Un engagement citoyen qui lui vaudra de passer plus de 2 ans derrière les barreaux. "J'ai été torturée, humiliée, affamée. J'en suis venu à peser 43 kilos. On me donnait deux ou trois petits bouts de viandes par jour....on me servait souvent de la nourriture avariée," témoigne l'ex-militaire.
Je tombais malade, beaucoup de diarrhée, de vomissements. Dans la cellule, il n'y avait pas d'eau courante, on me laissait un seau d'eau pour me laver, nettoyer la cellule et laver mes vêtements
Laided Salazarfranceinfo
"Pour boire, j'avais un pot...et parfois pendant 48 heures, plus rien. Et l’eau était légèrement salée, comme de l'eau de mer. Je devais boire ça sinon je mourais de soif. J'étais placée à l'isolement", témoigne Laided Salazar, qui explique qu'elle n'a pas pu voir son fils pendant sept mois. "Et quand ils ont accordé une visite par mois à ma famille, c'était filmé", ajoute-t-elle.
Affaiblie physiquement et psychologiquement, elle bénéficie d'une mesure humanitaire : sa détention se poursuit à domicile pendant deux ans, sous étroite surveillance.
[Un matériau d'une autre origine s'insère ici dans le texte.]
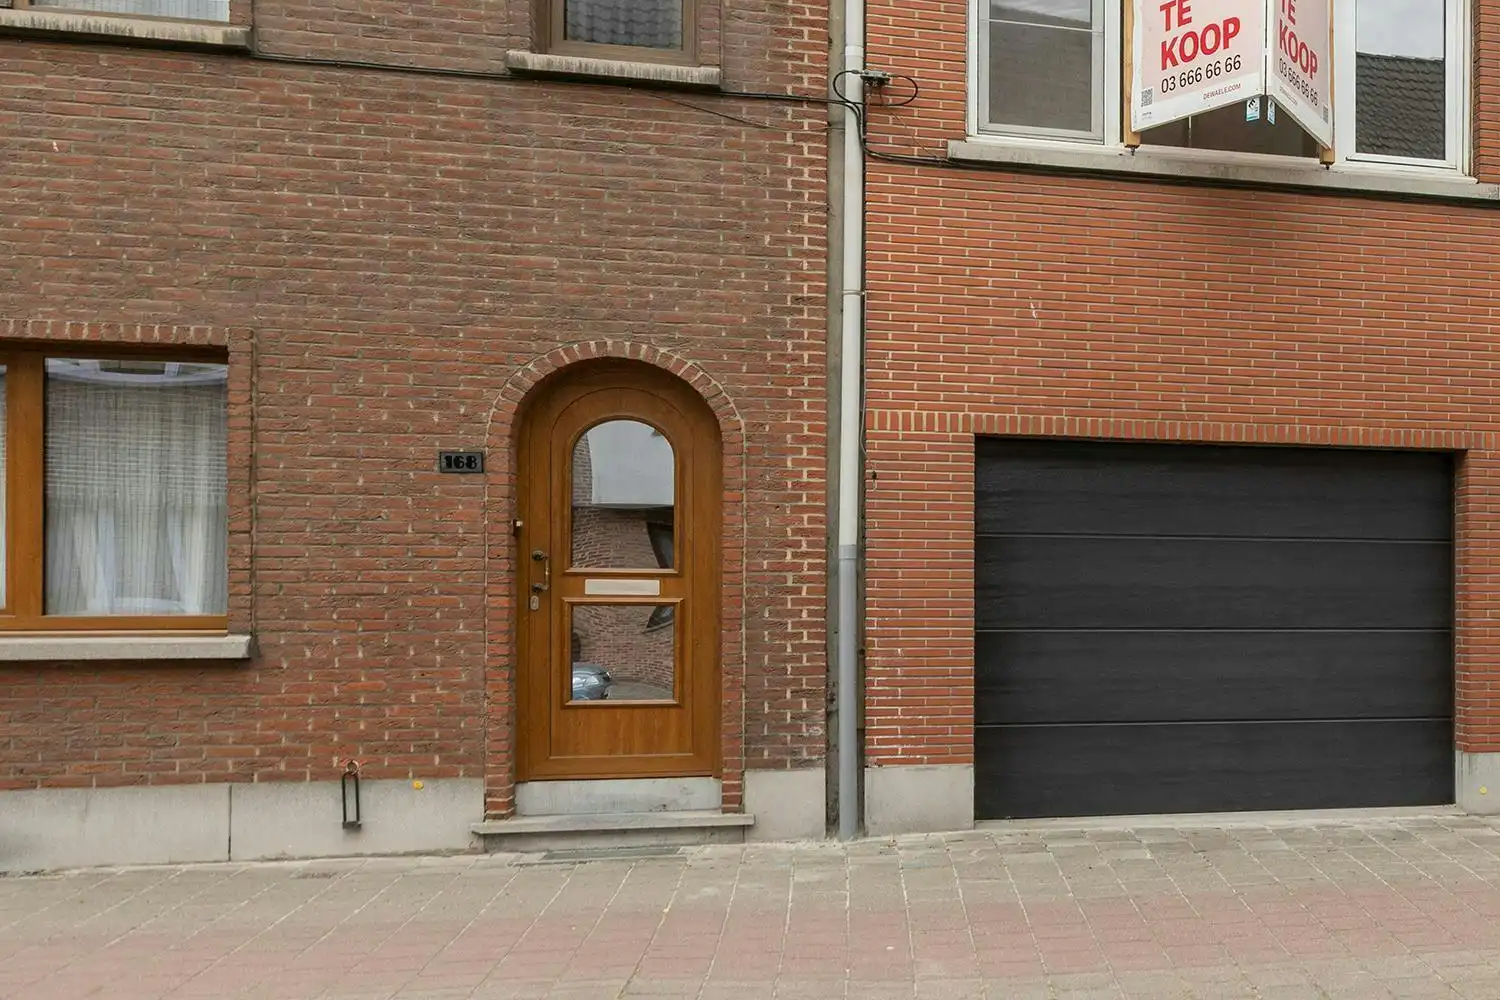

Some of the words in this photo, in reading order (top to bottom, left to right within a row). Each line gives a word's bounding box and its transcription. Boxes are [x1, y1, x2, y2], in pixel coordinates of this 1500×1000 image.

[1161, 16, 1241, 71] KOOP
[1279, 18, 1318, 80] KOOP
[1161, 75, 1176, 94] 03
[1179, 66, 1202, 88] 666
[1205, 60, 1221, 79] 66
[1224, 54, 1241, 73] 66
[444, 455, 477, 470] 168
Mais le manque de personnel au sein de l'armée, raconte Laided Salazar, lui permet de fuir un jour où ses gardiens sont absents.
"Nous allons sortir de ce cauchemar"
"Ils ont volé l'espoir, la joie. Les jeunes, les vieux se meurent dans les hôpitaux sans médicaments, sans nourriture. Les forces armées sont en putréfaction : trafic de drogue, corruption... Elles sont aux ordres d'un seul homme : Nicolas Maduro et tous les délinquants derrière lui," se désole Laided Salazar.
"J'ai de l'espoir car il y a encore des gens pour lutter pour la liberté du Venezuela", dit-elle, fredonnant la chanson Llevo tu luz y tu aroma en mi piel (que l'on peut traduire par "Je porte ta lumière et ton parfum sur ma peau"), une chanson vénézuélienne que chantent parfois les migrants. "Cette chanson c'est l'espoir, la force et la foi. Nous allons sortir de ça, de ce cauchemar", conclut Laided Salazar, nostalgique. Elle a le Venezuela au cœur, et l'exil ne fait que renforcer son amour de la patrie, son sentiment de trahison et sa colère envers ceux qui dirigent son pays aujourd'hui.